誰が誰なのか、そんなことすらわからないそれは、ただの波のようだ。
電灯で作られた人工の「太陽」があたりを照らしている。
時刻は午後三時。
商店街のようにも見えるその場所はいつものように人でにぎわっていた。
風など一切吹くこともなく、人の波が揺れるだけ。
無機質なそれはただただ流れて行く…。
ふと、その中にほのかに甘い香りが立ち込めた。
商店街のようなそこには屋台のようなものが所狭しと並べられており、
そこで、祭りのときに売られているようなものが陳列されていた。
その中に、一つだけ白いコンクリートでできた洋館風の店が一軒。
[喫茶店 なでしこ]と書かれた看板が大きく飾られたその店は、
壁のところどころにひびが入っていたり、植物の蔦が絡まっていたりと、とても古いイメージを受ける。

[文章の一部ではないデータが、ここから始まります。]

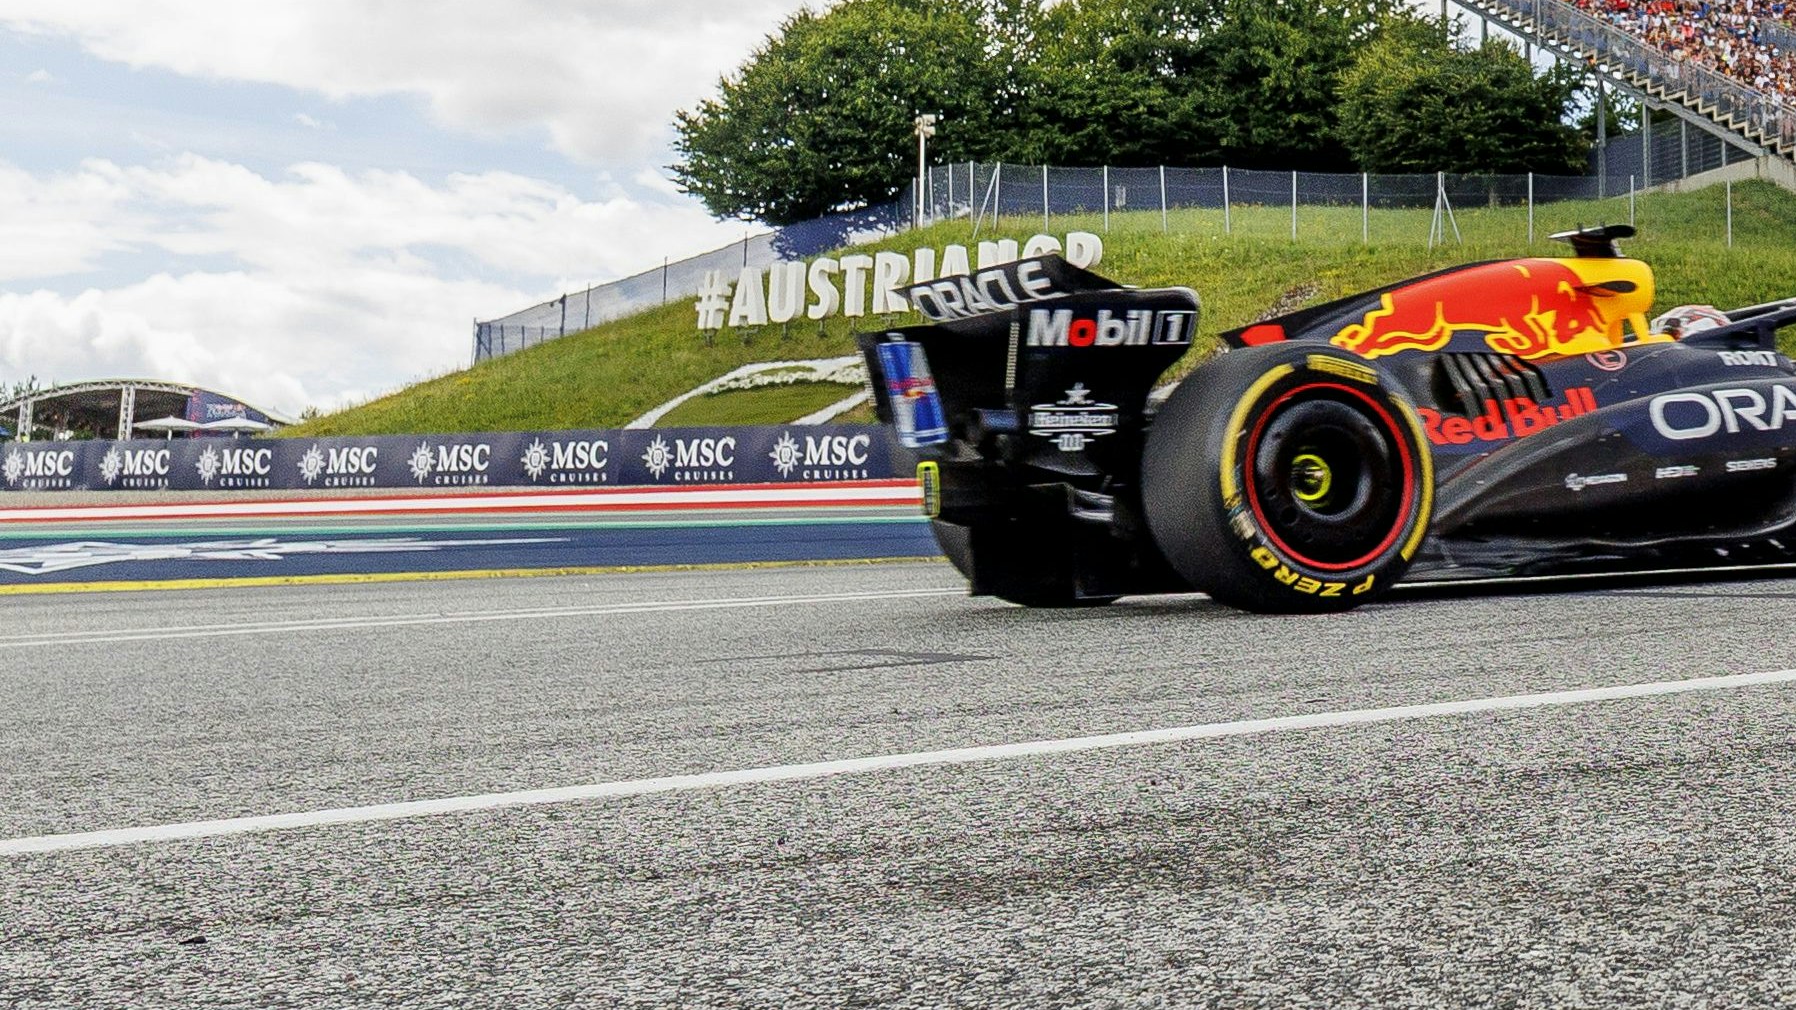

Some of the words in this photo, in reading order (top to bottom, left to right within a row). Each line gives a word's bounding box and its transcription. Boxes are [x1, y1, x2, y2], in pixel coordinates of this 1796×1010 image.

[910, 260, 1072, 321] ORACLE
[1026, 308, 1153, 347] Mobil
[1166, 313, 1185, 342] 1
[1416, 396, 1507, 445] Red
[1502, 386, 1597, 439] Bull
[24, 450, 74, 476] MSC
[122, 449, 170, 475] MSC
[220, 448, 272, 475] MSC
[325, 446, 378, 474] MSC
[436, 444, 490, 472] MSC
[551, 440, 608, 470] MSC
[674, 436, 736, 468] MSC
[803, 434, 870, 466] MSC
[674, 470, 734, 481] CRUISES
[803, 469, 869, 480] CRUISES
[1251, 546, 1347, 597] ZERO
[1352, 574, 1375, 595] P

しかし、それがまたこの喫茶店のよい雰囲気を際立たせていた。
中では一人の少女と少年が駆け回って接客をしている。
全体的にほほえましい雰囲気を醸し出す喫茶店だったが、ただ一つなんとなく近寄りがたい違和感があった。
それは、店の前で胡坐をかいて座る男の存在…。
二十歳くらいだろうか。
赤い襟の黒い着流しをだらしなく着たその男は不機嫌そうにあたりをにらみ続けている。
あまり目を合わせたくないのか、通り過ぎる人々は足早にその店の横を通り過ぎて行くばかり。
その男は、涼やかな黒い瞳を眠たそうに閉じた。
「ちょっと、帝徒さん。寝たらだめですよ!」
男にそう話しかけたのは先ほどまで店内で接客をしていた少年。
脱色しているようで、真っ白い髪が特徴的だ。
もともとたれ目の瞳をつり上げて手を腰に置いたその姿は、まだあどけなさが残る。
帝徒はむすっとした表情で顔を上げた。
「さっきまでは起きてたんだよ。てか、寝てねぇっての。」
「寝そうになってたらおんなじ事ですってば…。
ちゃんと仕事しないとまた麗香さんに怒られちゃいますよ?」
言い訳をする帝徒に少年はため息交じりにそう言った。
麗香という名前を出されて少々渋い顔になる帝徒。
それを見て少年はさらに畳み掛ける。
「せっかくお仕事見つかったのに…。またクビになったら困るの、帝徒さんですからね。」
「うっせぇよ。余計な御世話だ。」
ふいっと顔をそむけ自らの脚に肘をつく。
「五木、お前こそ俺と話してていいのかよ?」
そう切り返してきた帝徒に五木 公は得意げに鼻を鳴らした。
「残念。僕はまじめに仕事をしてるのでそんなことにはなりません。
帝徒さんと違って。 帝徒さんと・違っ・て!!」
「二回も言わんでいい。」
帝徒がめんどくさそうに煙草に火をつけながらため息をつく。
その時、
「帝徒、この店は禁煙よ。吸うのはあとでにして。」
そう言ってひょいっと帝徒から煙草を取りあげる少女。
栗色の髪を背中まで伸ばし、それを三角巾でまとめているその少女は少し不機嫌そうに煙草を壁に近づける。
「麗香!…ちょ、返せ。」
帝徒があわてて取り上げられた煙草に手を伸ばすが、
そのころにはコンクリートの壁に押し付けられ、火は完全に消されてしまっていた。
「帝徒。これで何回目だっけ?」
ぷくっと頬を膨らませて怒る少女に帝徒は大人げない抗議の声を上げる。
「てめ、ここでそれがいくらすると…。」
「それでも禁煙なものは禁煙だもの。帝徒、めっ。」
「めっ、じゃねぇ!てか、ここは店の外じゃねぇか!」
「店の前、よ。も〜帝徒ったら、目を離すとすぐそうゆう事するんだから。
いい加減にしないと用心棒のお仕事、クビにしちゃうからね。」
帝徒にそう言って麗香は目を伏せる。
そして、ぐっと押し黙った帝徒をしり目に公に向き直った。
そして公の鼻先に人差し指を突き付けて厳しい目をする。
「公君も、まだ仕事中よ。さぼっちゃダメ。」
「はい!すいません。」
怒られているにもかかわらずにこにこと上機嫌になる公。
素直に返事をした公に微笑みを向ける麗香。
その光景の中、帝徒は一人悔しそうに舌打ちをした。
「変なところに雇われちまったなぁ…。」
ここは地下帝国。
罪人の住まうところ。
———帝徒もまた、罪人だ。
その傍で無邪気に笑う少女たちも同じく…。
逃れることのできないその重みを————纏っていた。